* _Your assignment_: Would you copy out the following entries exactly, without any of the pictures?

* _Spatial localization data_:
+++++

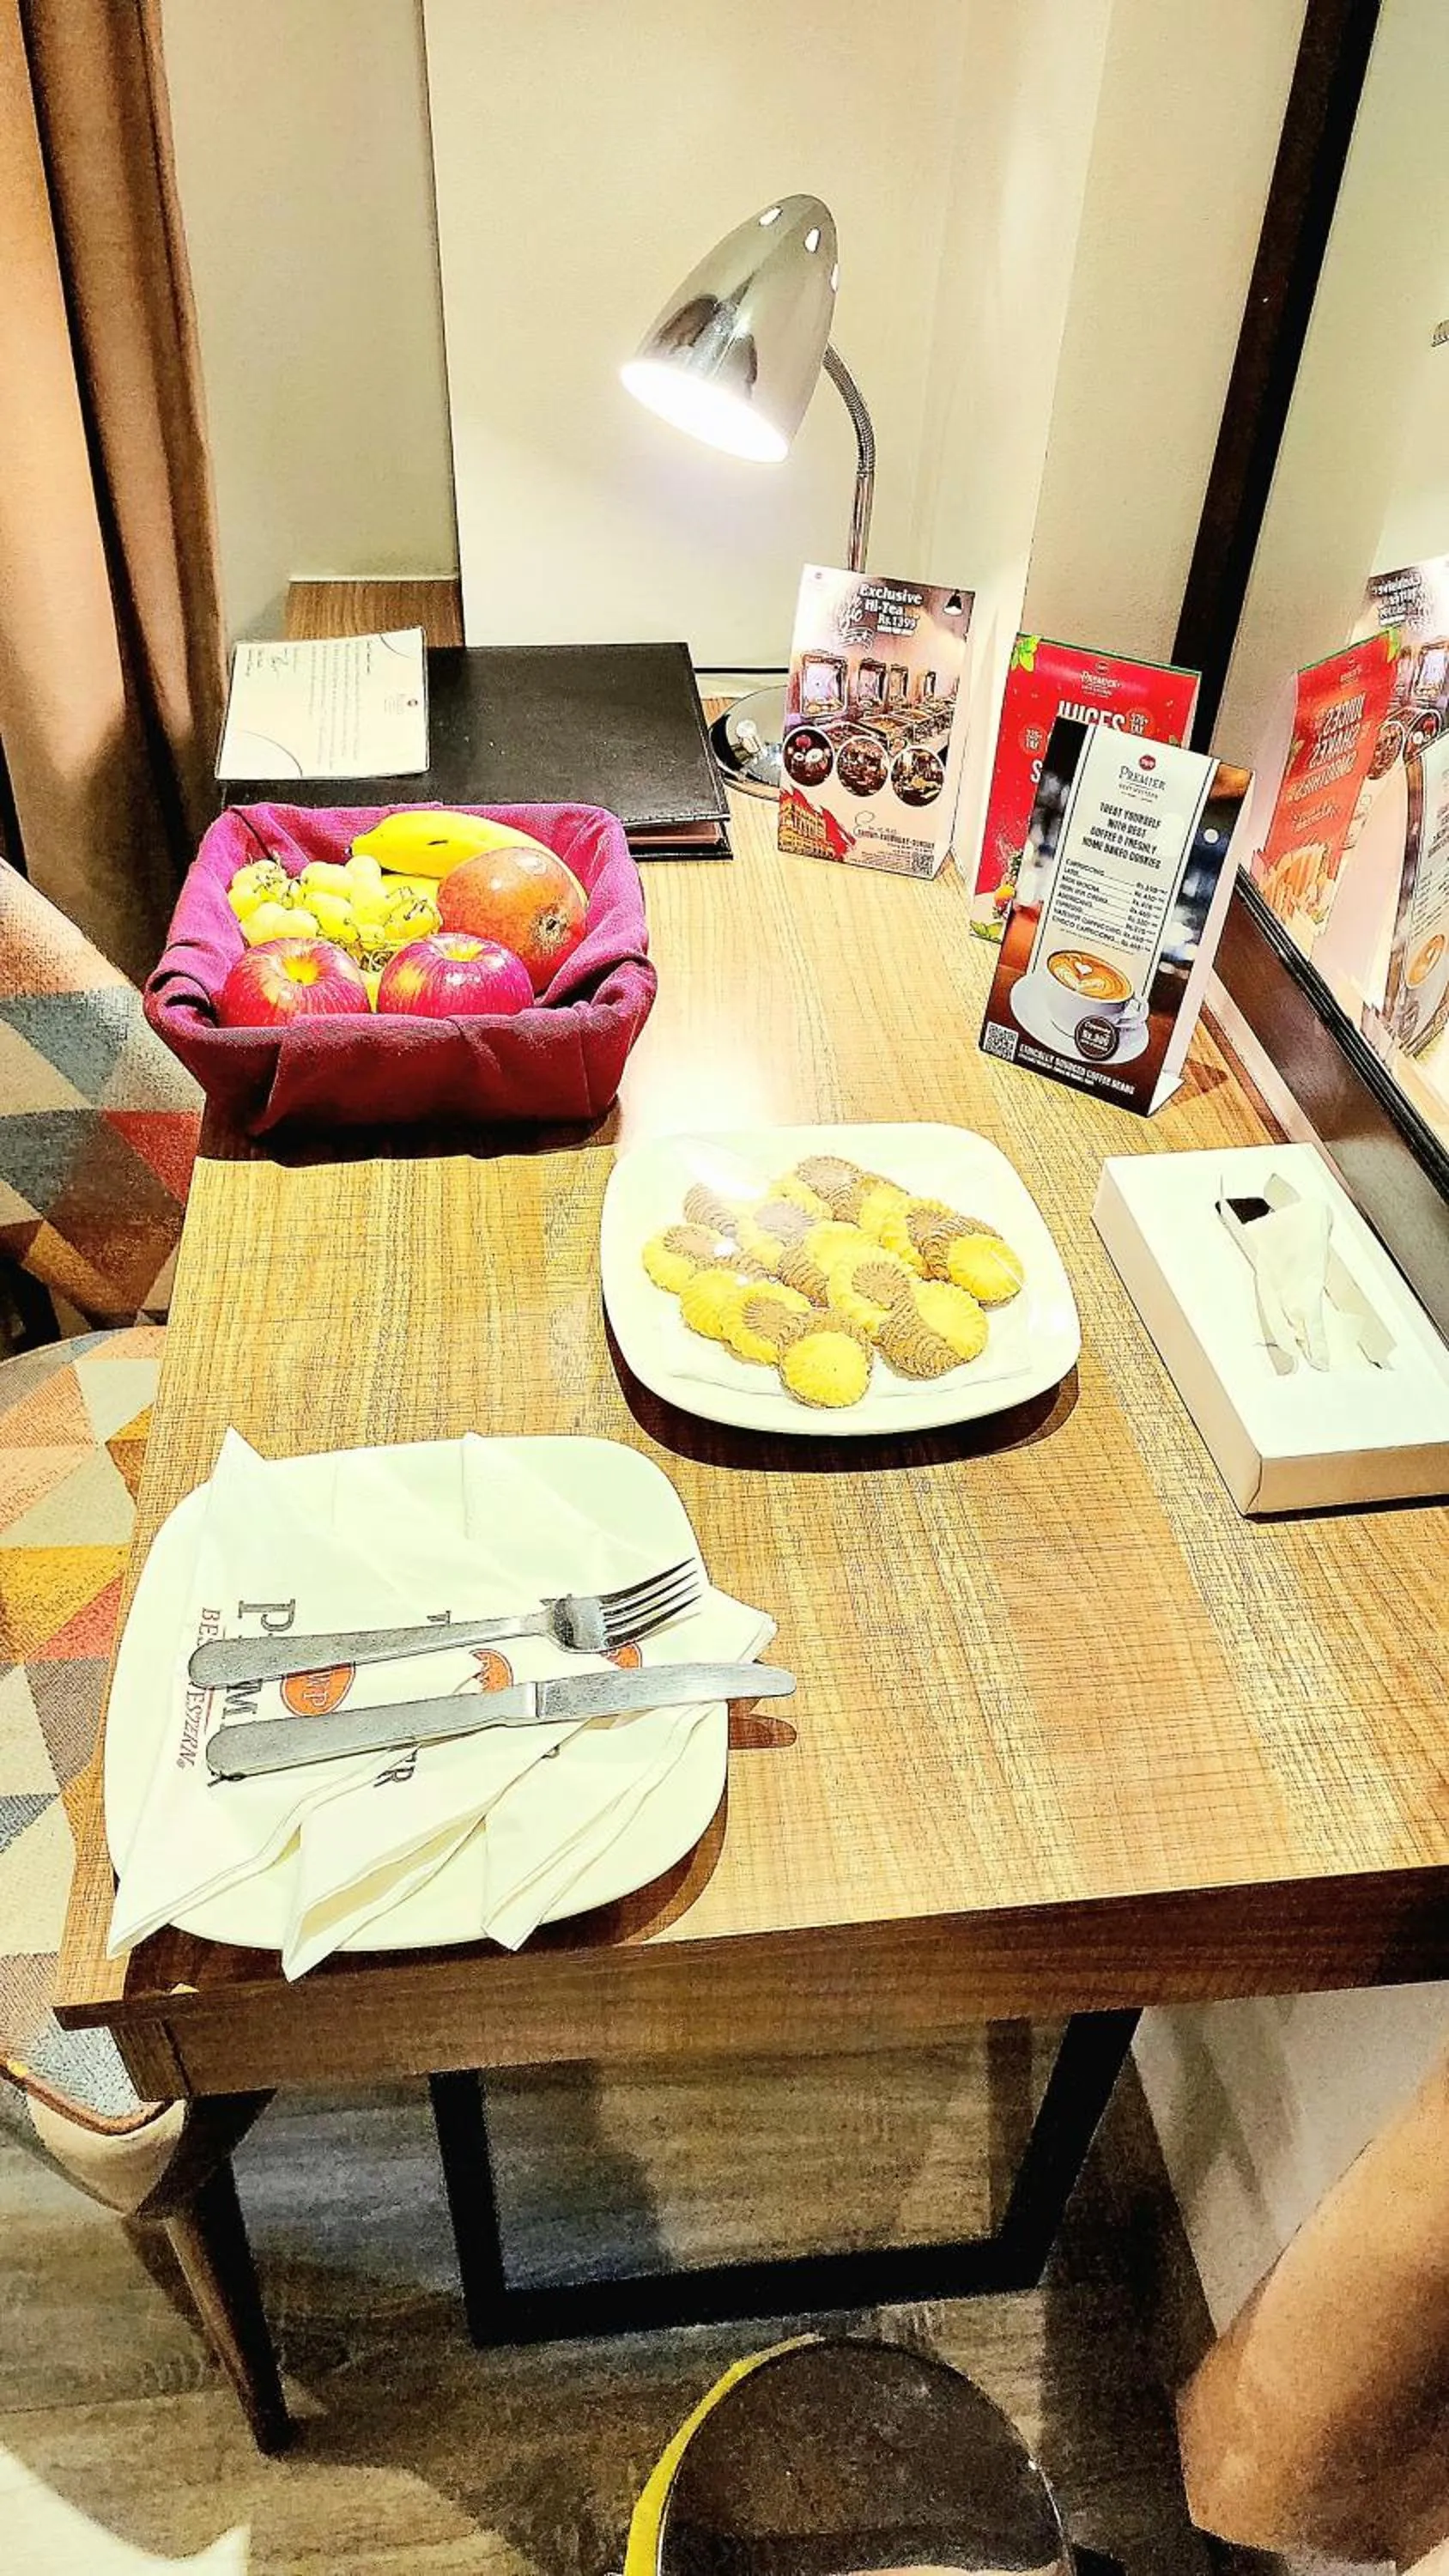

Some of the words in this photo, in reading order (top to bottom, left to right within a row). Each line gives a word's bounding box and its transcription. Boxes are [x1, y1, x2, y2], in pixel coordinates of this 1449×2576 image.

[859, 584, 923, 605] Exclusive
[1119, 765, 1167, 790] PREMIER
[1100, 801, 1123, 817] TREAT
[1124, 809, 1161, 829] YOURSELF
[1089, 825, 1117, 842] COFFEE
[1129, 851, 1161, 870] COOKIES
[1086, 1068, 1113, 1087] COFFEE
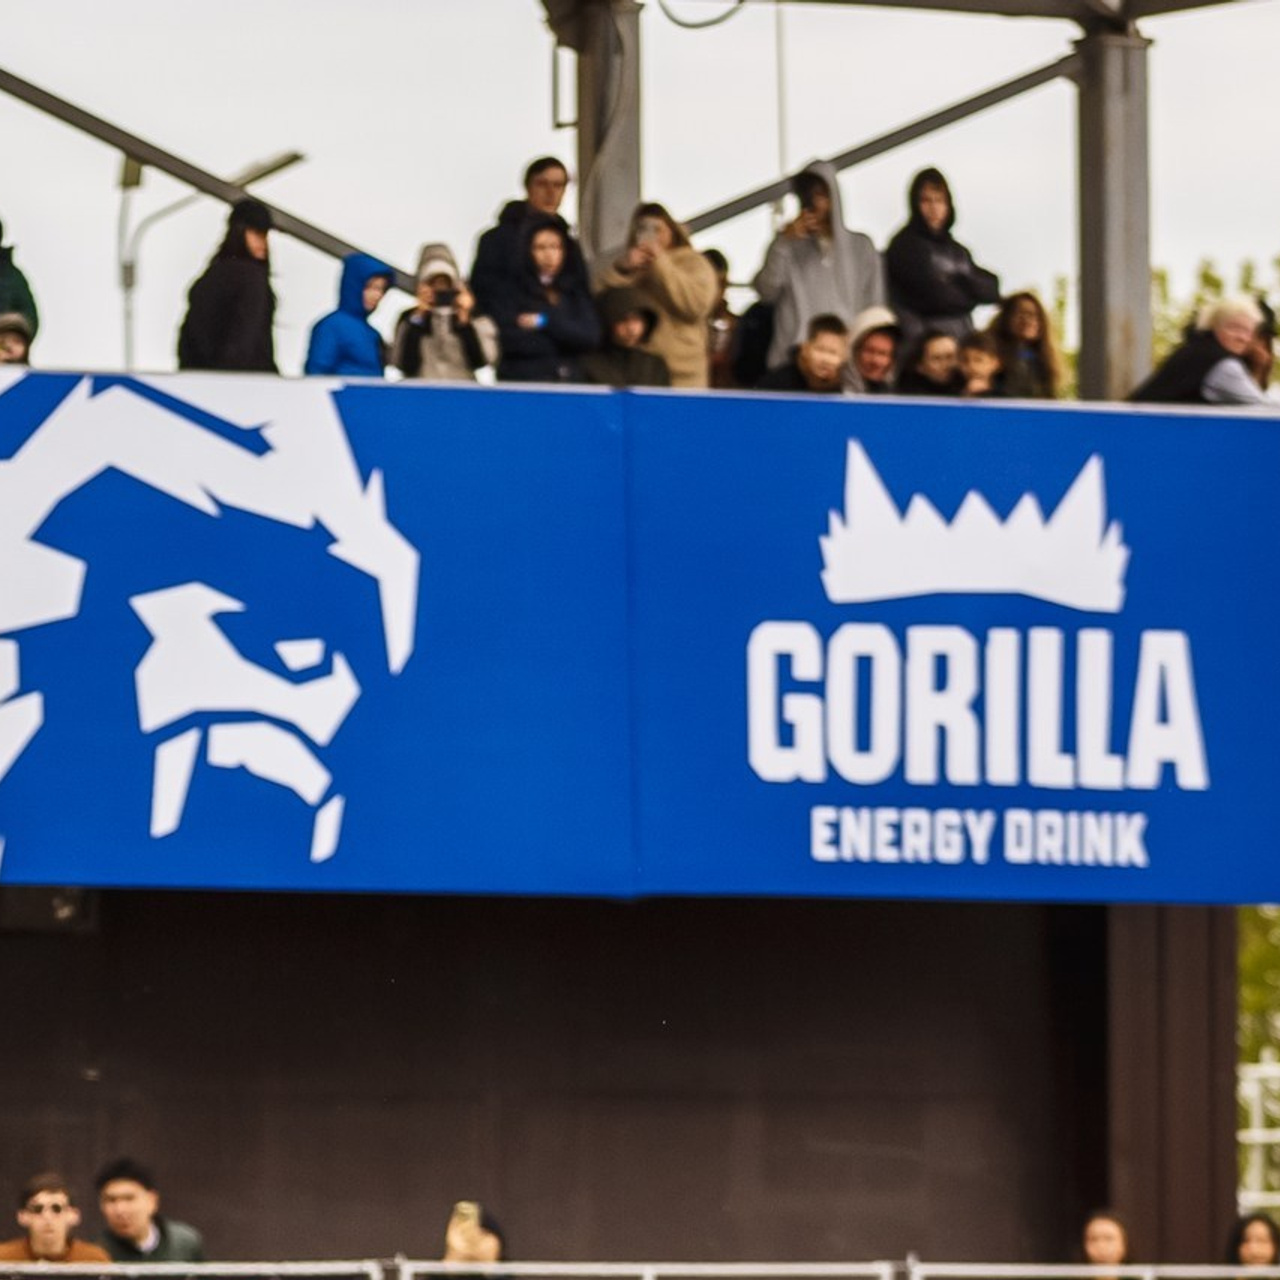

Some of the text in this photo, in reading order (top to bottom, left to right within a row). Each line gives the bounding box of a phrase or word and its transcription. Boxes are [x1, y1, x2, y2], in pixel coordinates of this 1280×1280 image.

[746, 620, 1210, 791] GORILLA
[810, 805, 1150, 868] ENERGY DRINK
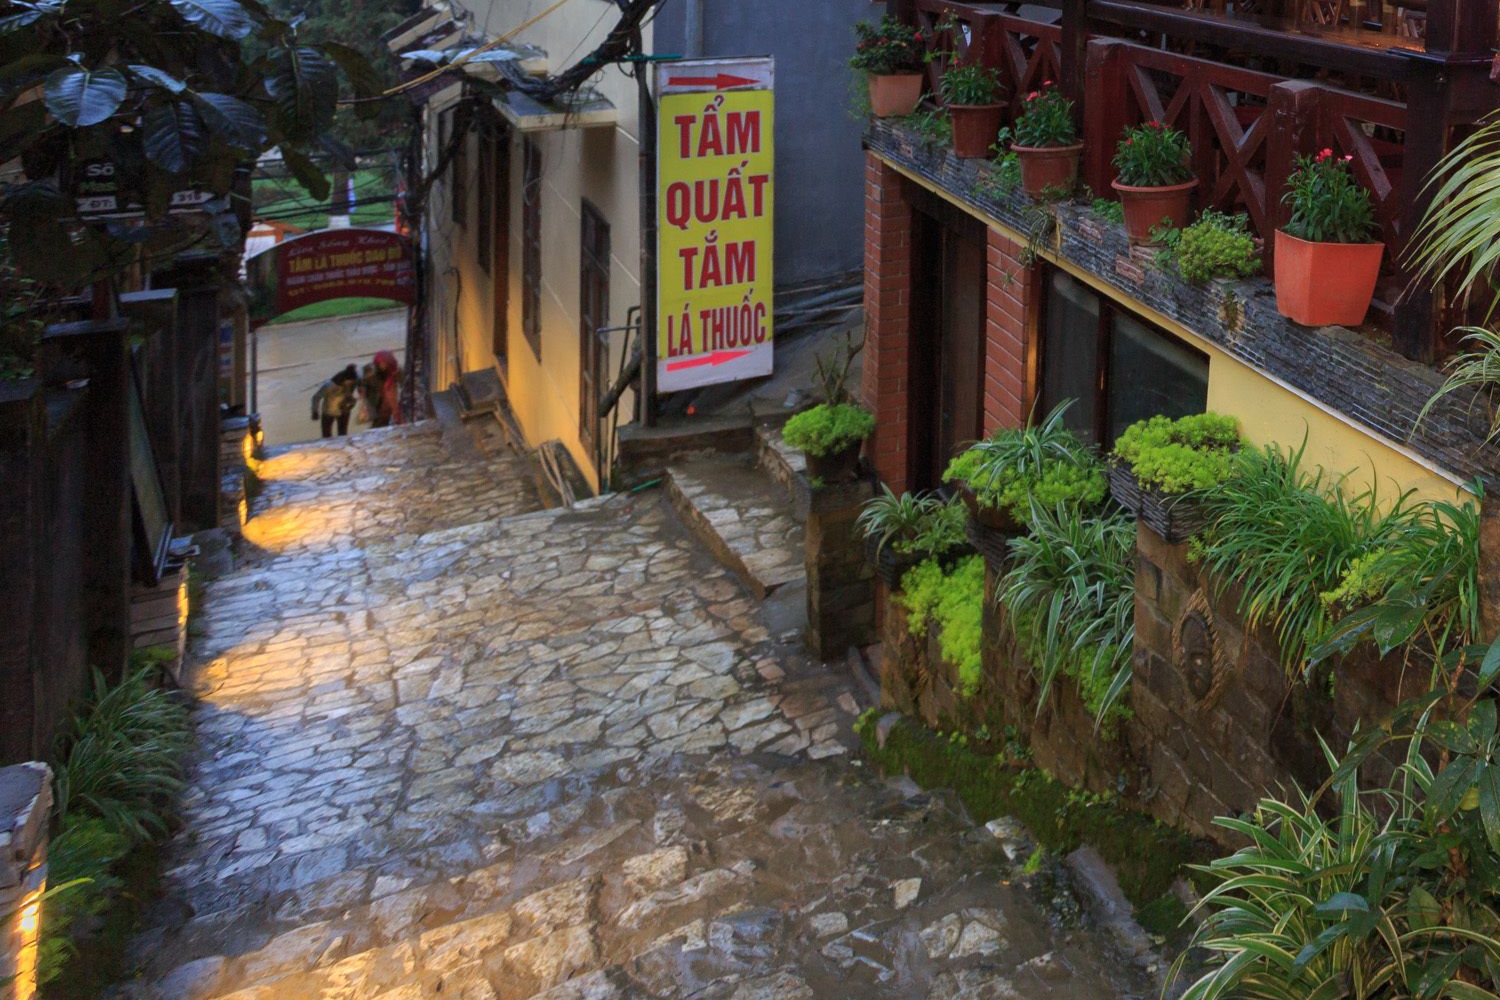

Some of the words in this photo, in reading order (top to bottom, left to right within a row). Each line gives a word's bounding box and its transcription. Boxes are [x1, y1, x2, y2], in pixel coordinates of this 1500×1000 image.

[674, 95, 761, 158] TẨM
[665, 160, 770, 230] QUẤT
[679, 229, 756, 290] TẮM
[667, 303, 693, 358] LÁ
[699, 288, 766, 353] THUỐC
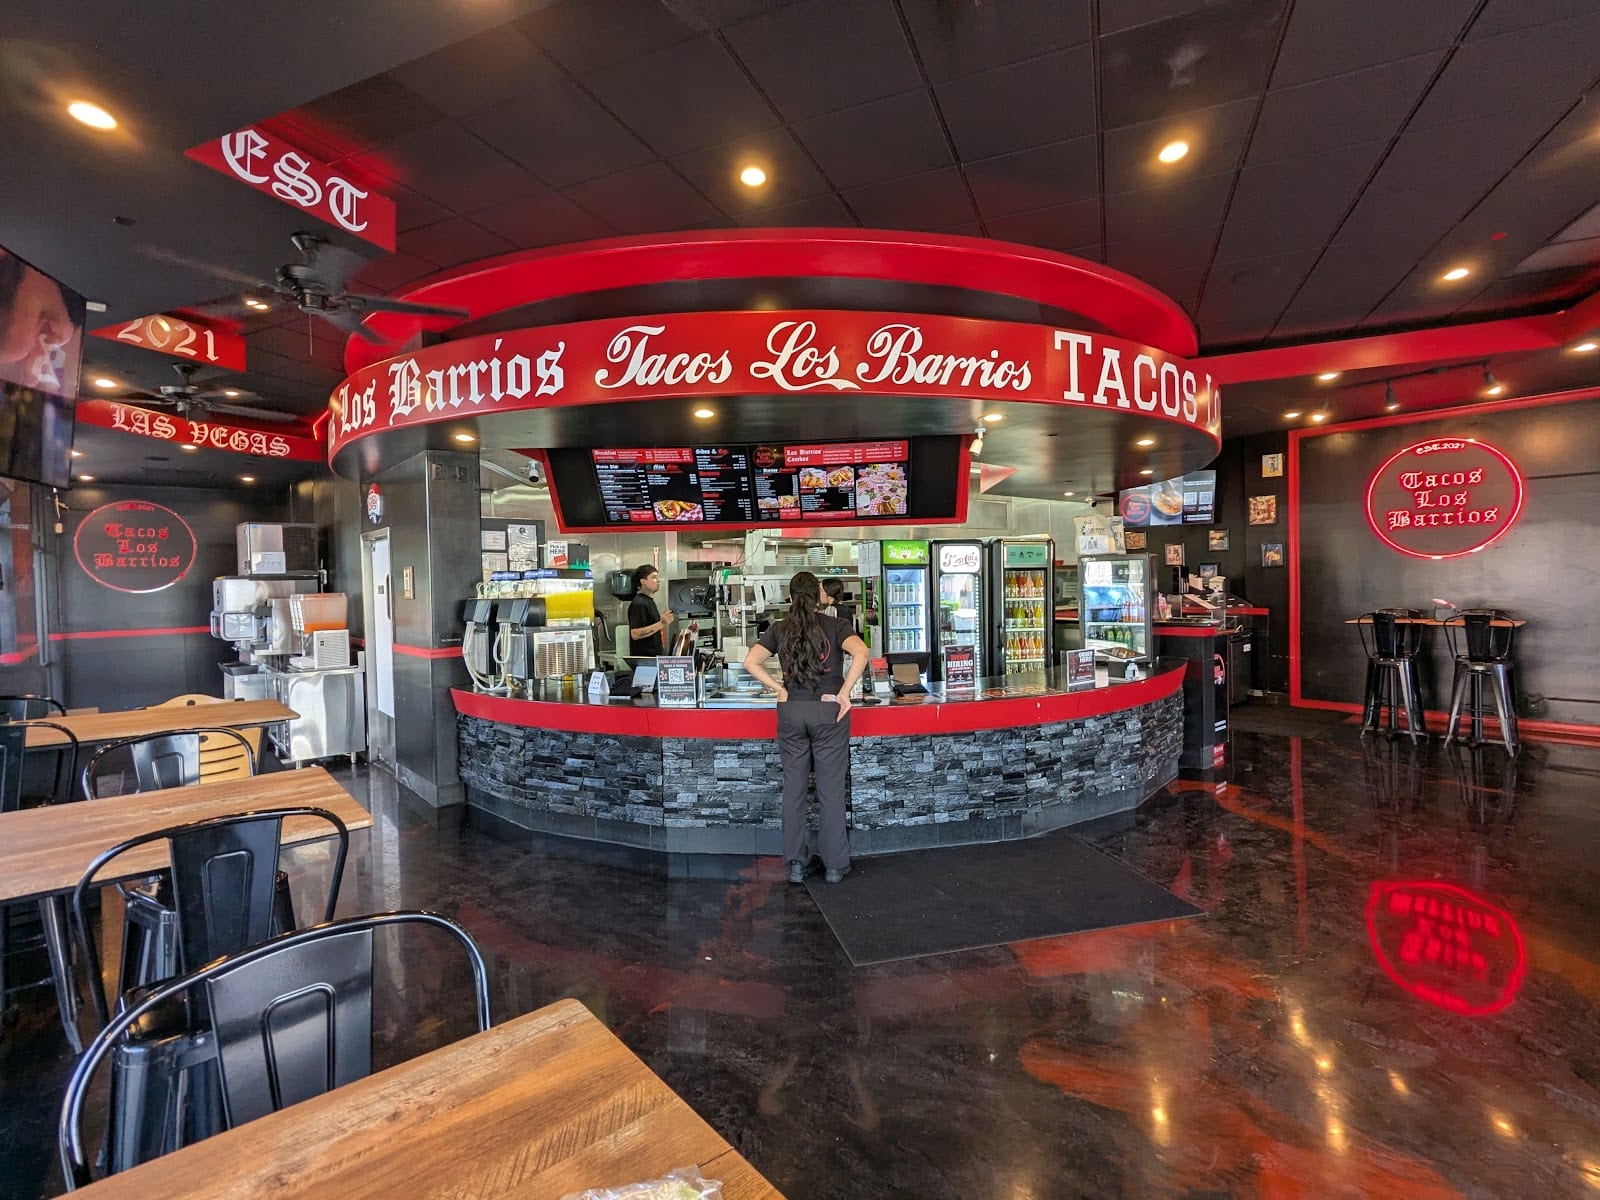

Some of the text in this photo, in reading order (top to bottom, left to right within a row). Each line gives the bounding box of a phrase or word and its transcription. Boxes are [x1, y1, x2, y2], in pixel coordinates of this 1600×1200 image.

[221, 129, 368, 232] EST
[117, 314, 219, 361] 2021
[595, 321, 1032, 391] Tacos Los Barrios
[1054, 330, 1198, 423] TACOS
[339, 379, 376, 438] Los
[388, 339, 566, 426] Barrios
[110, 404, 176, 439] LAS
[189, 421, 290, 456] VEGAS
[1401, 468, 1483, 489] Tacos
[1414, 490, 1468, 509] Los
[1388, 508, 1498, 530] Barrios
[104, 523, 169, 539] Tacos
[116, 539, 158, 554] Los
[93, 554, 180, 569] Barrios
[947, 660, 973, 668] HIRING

+++++

* _Answer to the exercise_:
Some of the words in this photo, in reading order (top to bottom, left to right within a row). Each line gives a word's bounding box and its transcription. Boxes are [x1, y1, x2, y2], in pixel coordinates of this 1449×2576 image.

[859, 584, 923, 605] Exclusive
[1119, 765, 1167, 790] PREMIER
[1100, 801, 1123, 817] TREAT
[1124, 809, 1161, 829] YOURSELF
[1089, 825, 1117, 842] COFFEE
[1129, 851, 1161, 870] COOKIES
[1086, 1068, 1113, 1087] COFFEE

Some of the text in this photo, in reading order (top to bottom, left to right within a row). Each line gives the bounding box of a phrase or word and its transcription. Boxes are [x1, y1, x2, y2], in pixel coordinates of this 1280×1280 image.

[746, 620, 1210, 791] GORILLA
[810, 805, 1150, 868] ENERGY DRINK

Some of the words in this photo, in reading order (top to bottom, left to right within a row). Each line gives a word's bounding box and its transcription. Boxes are [x1, y1, x2, y2], in pixel coordinates of this 1500×1000 image.

[674, 95, 761, 158] TẨM
[665, 160, 770, 230] QUẤT
[679, 229, 756, 290] TẮM
[667, 303, 693, 358] LÁ
[699, 288, 766, 353] THUỐC

Some of the text in this photo, in reading order (top to bottom, left to right within a row). Each line gives the bounding box of a phrase or word and its transcription. Boxes are [x1, y1, x2, y2], in pixel coordinates of this 1600×1200 image.

[221, 129, 368, 232] EST
[117, 314, 219, 361] 2021
[595, 321, 1032, 391] Tacos Los Barrios
[1054, 330, 1198, 423] TACOS
[339, 379, 376, 438] Los
[388, 339, 566, 426] Barrios
[110, 404, 176, 439] LAS
[189, 421, 290, 456] VEGAS
[1401, 468, 1483, 489] Tacos
[1414, 490, 1468, 509] Los
[1388, 508, 1498, 530] Barrios
[104, 523, 169, 539] Tacos
[116, 539, 158, 554] Los
[93, 554, 180, 569] Barrios
[947, 660, 973, 668] HIRING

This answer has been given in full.